> Required action:
Exactly as written, return every line of the data below apart from the pictures.

> Exercise material:
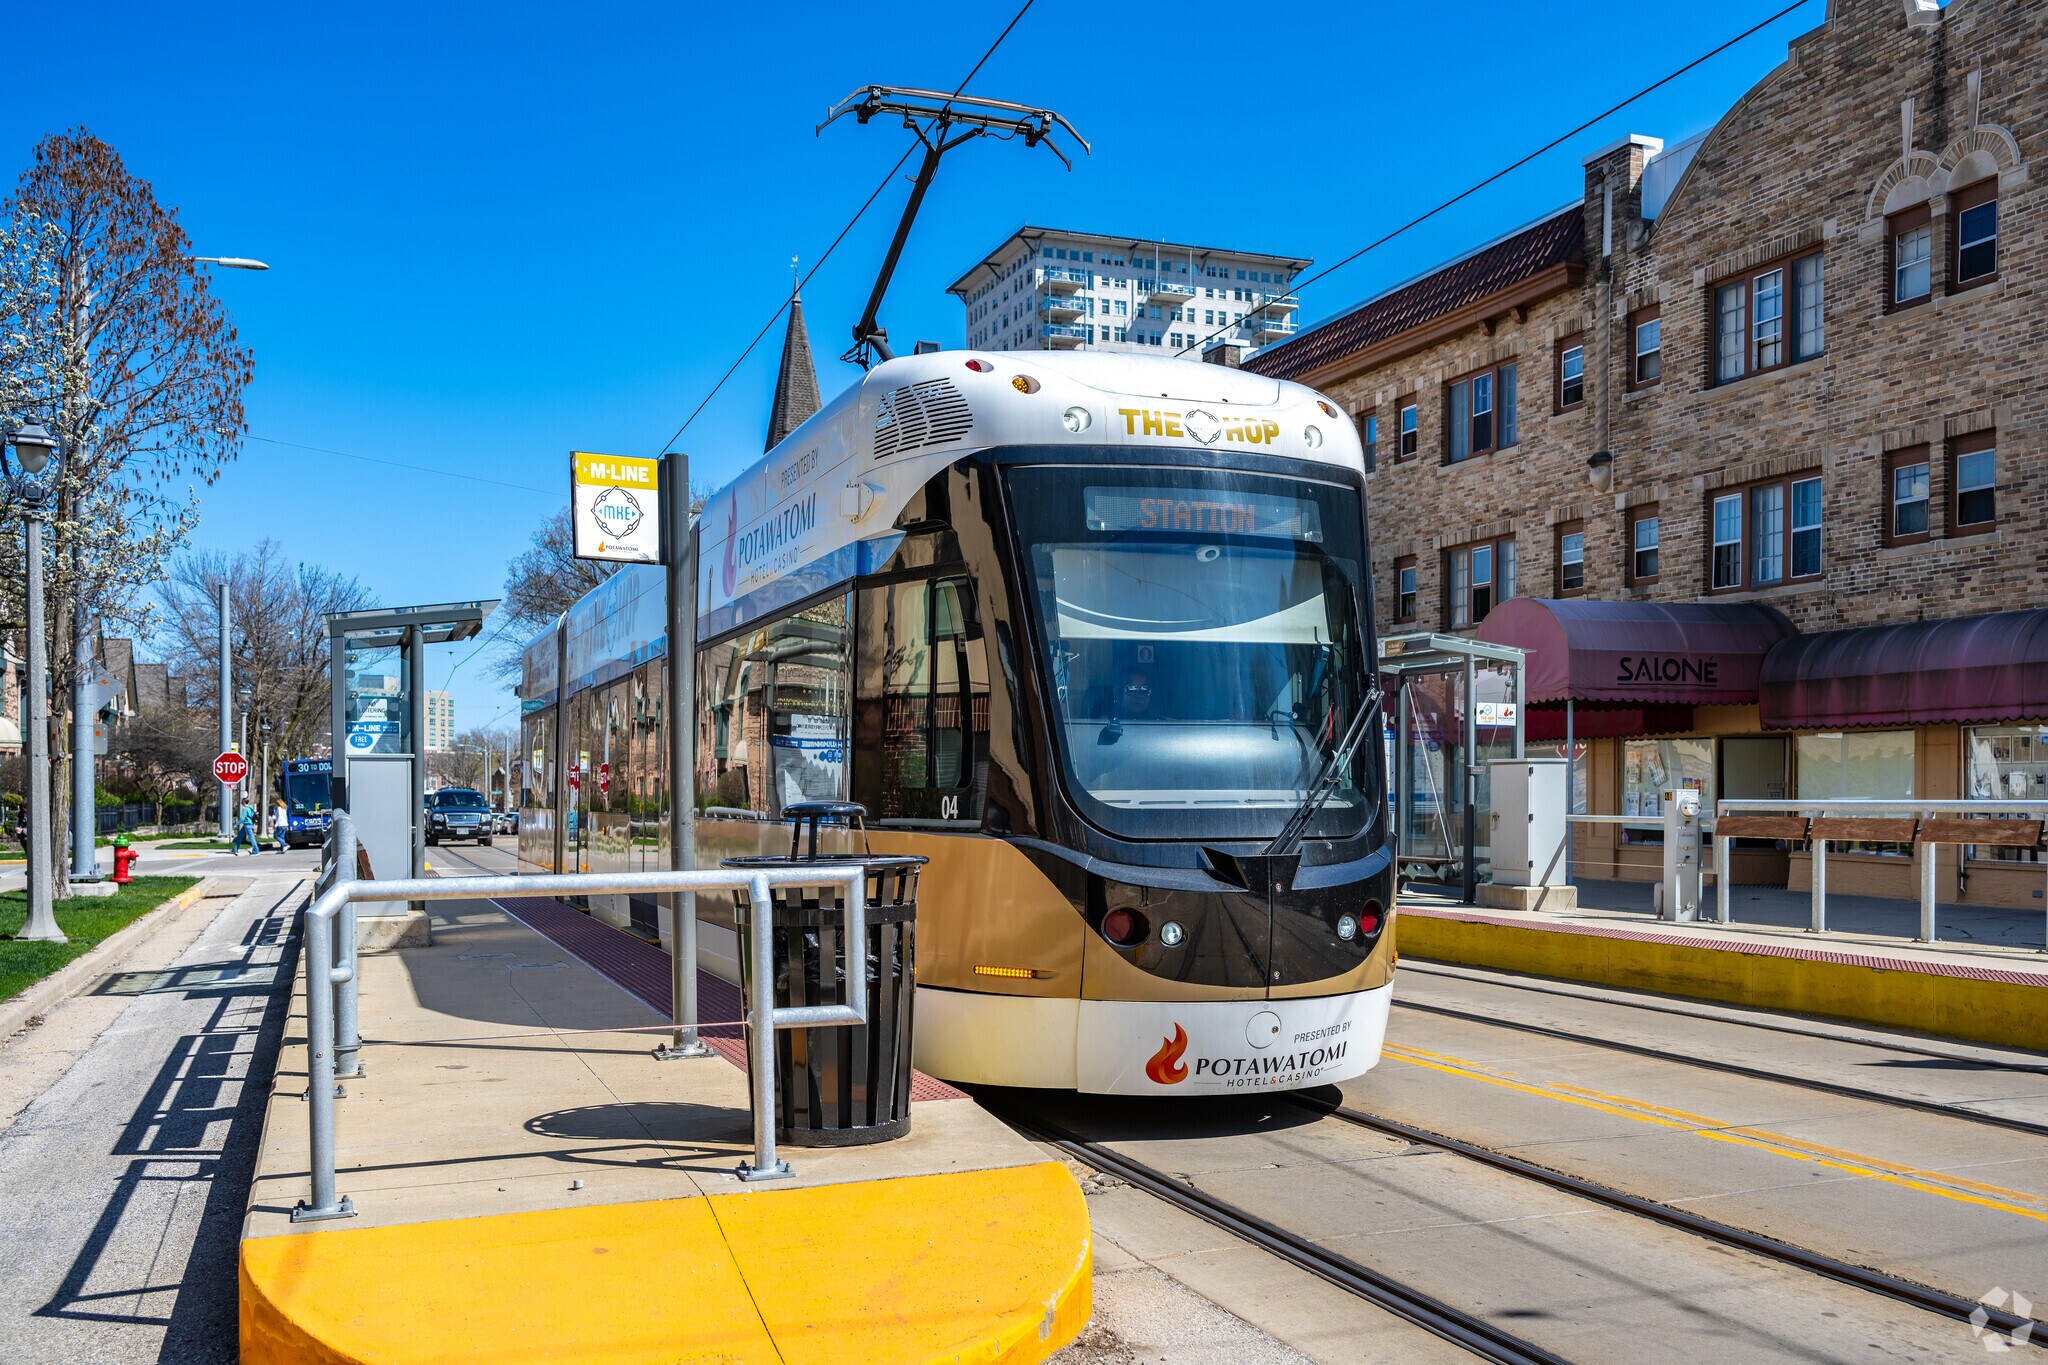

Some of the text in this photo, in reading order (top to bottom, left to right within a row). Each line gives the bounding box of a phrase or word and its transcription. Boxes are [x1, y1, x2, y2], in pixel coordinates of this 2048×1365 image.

[1118, 408, 1280, 445] THE HOP
[781, 447, 819, 490] PRESENTED BY
[603, 505, 631, 520] MKE
[1140, 498, 1255, 533] STATION
[739, 492, 816, 568] POTAWATOMI
[216, 762, 246, 774] STOP
[298, 763, 309, 772] 30
[941, 795, 958, 820] 04
[1293, 1021, 1352, 1043] PRESENTED BY
[1195, 1041, 1347, 1076] POTAWATOMI

> Written response:
Some of the text in this photo, in reading order (top to bottom, left to right within a row). Each line gives the bounding box of a phrase or word and its transcription. Boxes are [x1, y1, x2, y2], in pixel coordinates of this 2048×1365 image.

[1118, 408, 1280, 445] THE HOP
[781, 447, 819, 490] PRESENTED BY
[603, 505, 631, 520] MKE
[1140, 498, 1255, 533] STATION
[739, 492, 816, 568] POTAWATOMI
[216, 762, 246, 774] STOP
[298, 763, 309, 772] 30
[941, 795, 958, 820] 04
[1293, 1021, 1352, 1043] PRESENTED BY
[1195, 1041, 1347, 1076] POTAWATOMI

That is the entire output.